Can Murder Be Tracked Like An Infectious Disease?

Murder is a disease. Quite literally, according to NPR’s Shankar Vedantam. Researchers have used the language of infectious disease to map the spread of murders throughout a community. Going further to make predictions about where homicide might spread next, based on the path of the epidemic.

“The researchers studied every homicide that occurred in the city of Newark, N.J., over a period of a quarter century, from January 1982 to September 2007. In all, Newark had seen 2,366 murders in that period, a rate of homicide some three times as high as that of the general U.S. population. The researchers tracked down the time and location of every single murder. They plugged the data into a software program that has previously been used to track infectious diseases: When you put in the geographical location and the time of infection of each victim of the infectious disease, the program creates a model that shows how the epidemic is spreading — and where it might go next.”
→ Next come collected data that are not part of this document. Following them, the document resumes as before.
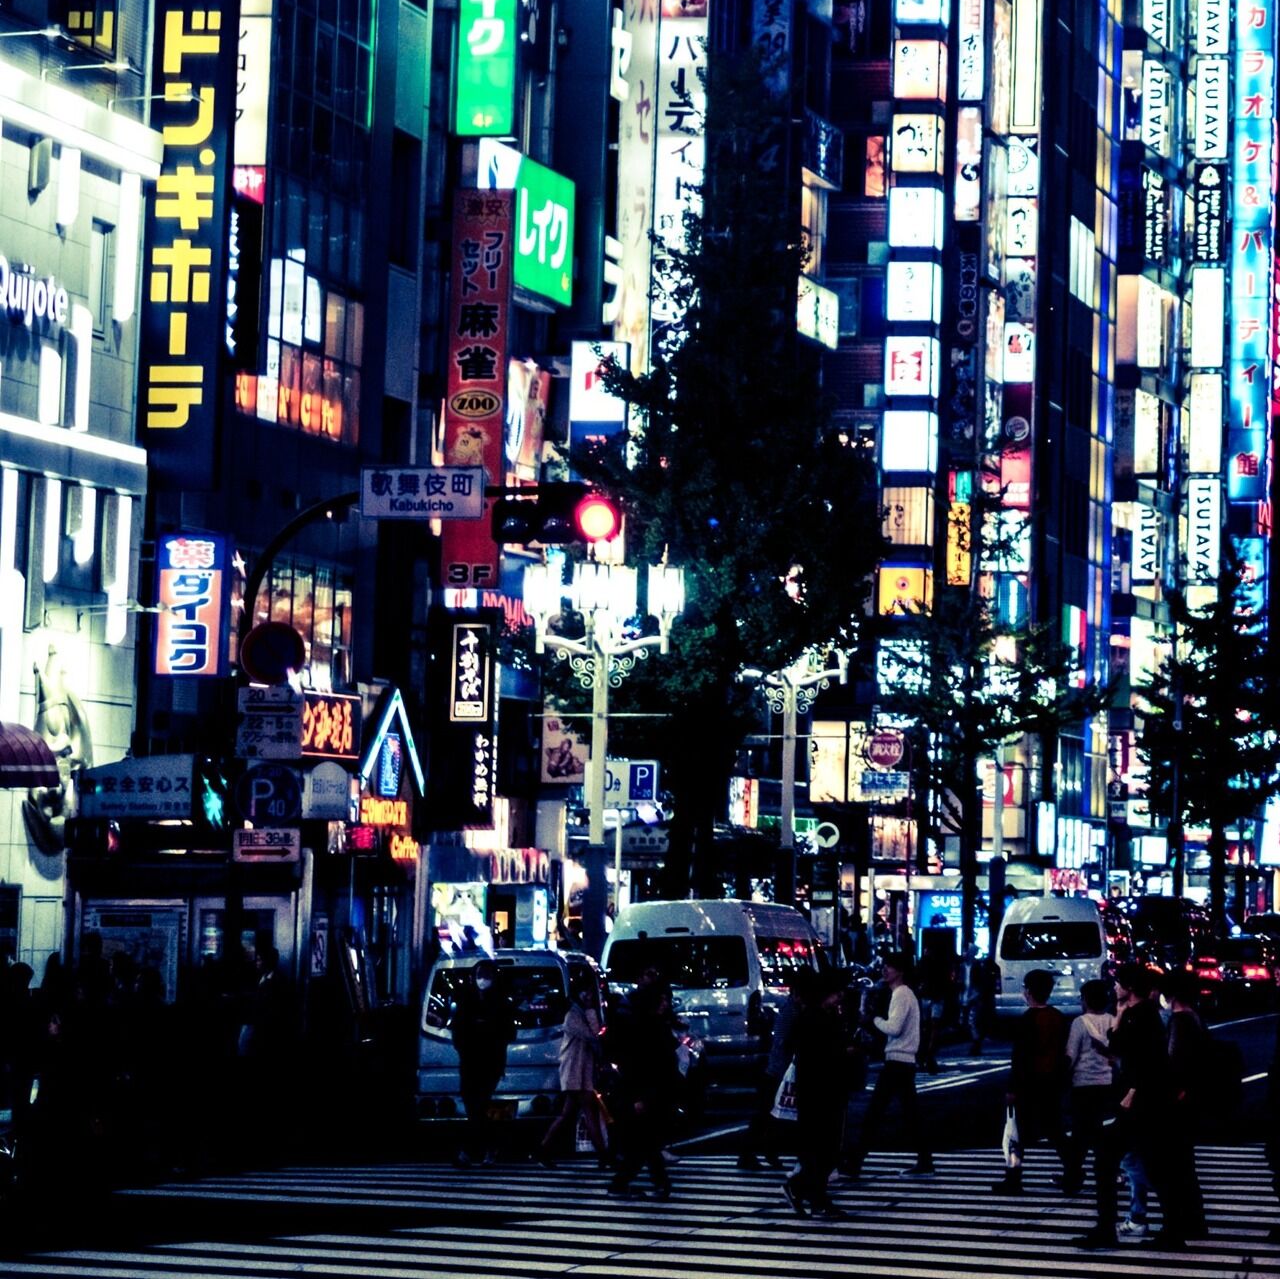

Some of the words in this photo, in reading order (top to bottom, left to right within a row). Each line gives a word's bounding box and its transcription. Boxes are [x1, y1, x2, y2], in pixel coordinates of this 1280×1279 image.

[1203, 65, 1220, 153] TSUTAYA
[518, 186, 570, 260] レイク
[1236, 6, 1267, 478] カラオケ&パーティー館
[459, 238, 479, 298] セット
[484, 231, 503, 290] フリー
[455, 303, 499, 382] 麻雀
[456, 395, 495, 412] ZOO
[369, 470, 475, 499] 歌舞伎町
[389, 499, 454, 513] Kabukicho
[1196, 484, 1212, 582] TSUTAYA
[448, 564, 491, 585] 3F
[169, 572, 215, 675] ダイコク
[250, 777, 276, 817] P
[636, 767, 649, 784] P
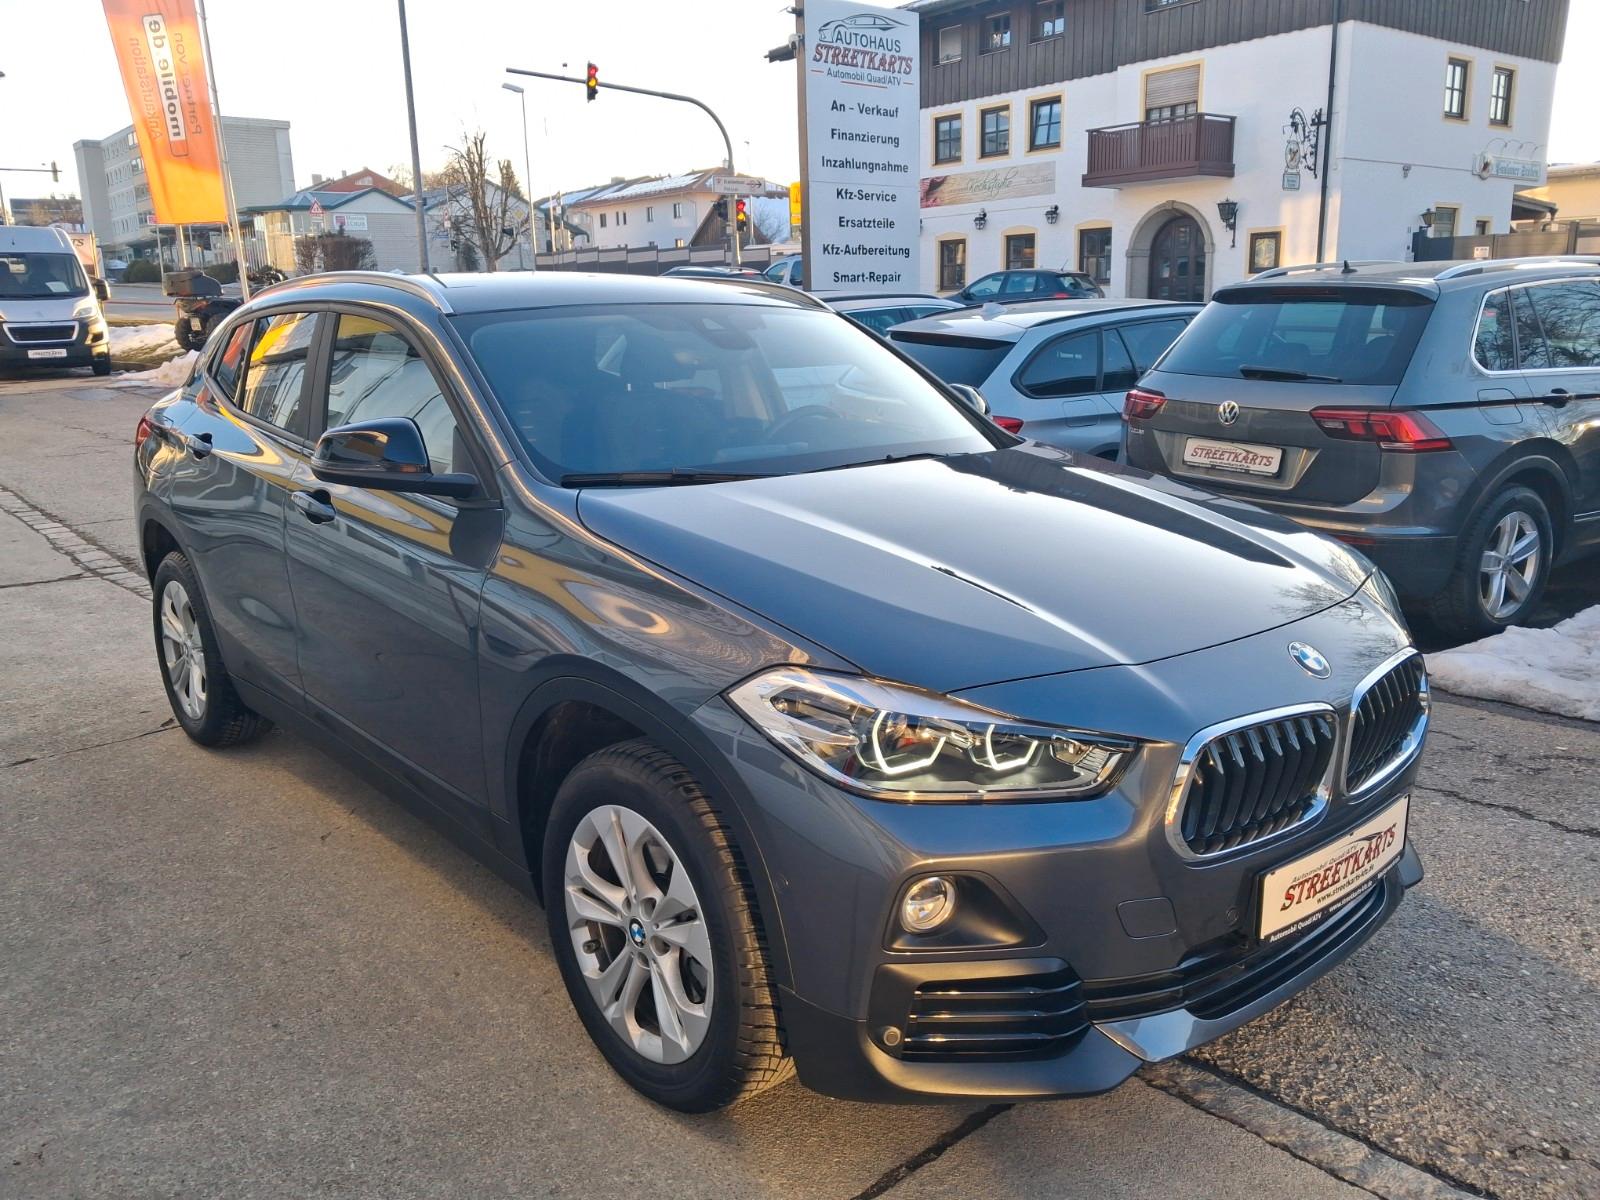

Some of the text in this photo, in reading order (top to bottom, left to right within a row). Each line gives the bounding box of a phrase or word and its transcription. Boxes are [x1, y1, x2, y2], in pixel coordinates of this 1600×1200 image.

[835, 31, 901, 53] AUTOHAUS
[813, 43, 913, 75] STREETKARTS
[827, 67, 902, 86] Automobil Quad/ATV
[830, 100, 846, 112] An
[857, 103, 899, 118] Verkauf
[830, 128, 900, 148] Finanzierung
[821, 156, 909, 173] Inzahlungnahme
[836, 187, 897, 202] Kfz-Service
[838, 216, 895, 229] Ersatzteile
[822, 243, 910, 258] Kfz-Aufbereitung
[833, 271, 901, 284] Smart-Repair
[1191, 447, 1274, 467] STREETKARTS
[1280, 823, 1398, 912] STREETKARTS
[1269, 924, 1298, 943] Automobil
Breaking: blogger provides more insight than newspaper article.

There seems to be a recurring theme on the internets. News organization pounces on science story and does a poor job communicating it. This happens on an almost weekly basis. This week it’s poor old Aunty BBC. Thankfully, award-winning Suzi Gage over at SciLogs is at hand to set the record straight.

“Yesterday a load of headlines about genes being linked to binge-drinking appeared on various news sites. Only the BBC (so far) seem to have fallen into the ‘gene for x’ trap, the first paragraph of their article being particularly poor:

Scientists believe some people have a gene that hard-wires them for binge drinking by boosting levels of a happy brain chemical triggered by alcohol.

Not quite, but what did the study* actually look at?”

So there you have it, a short collection of this week’s science happenings. Happy reading.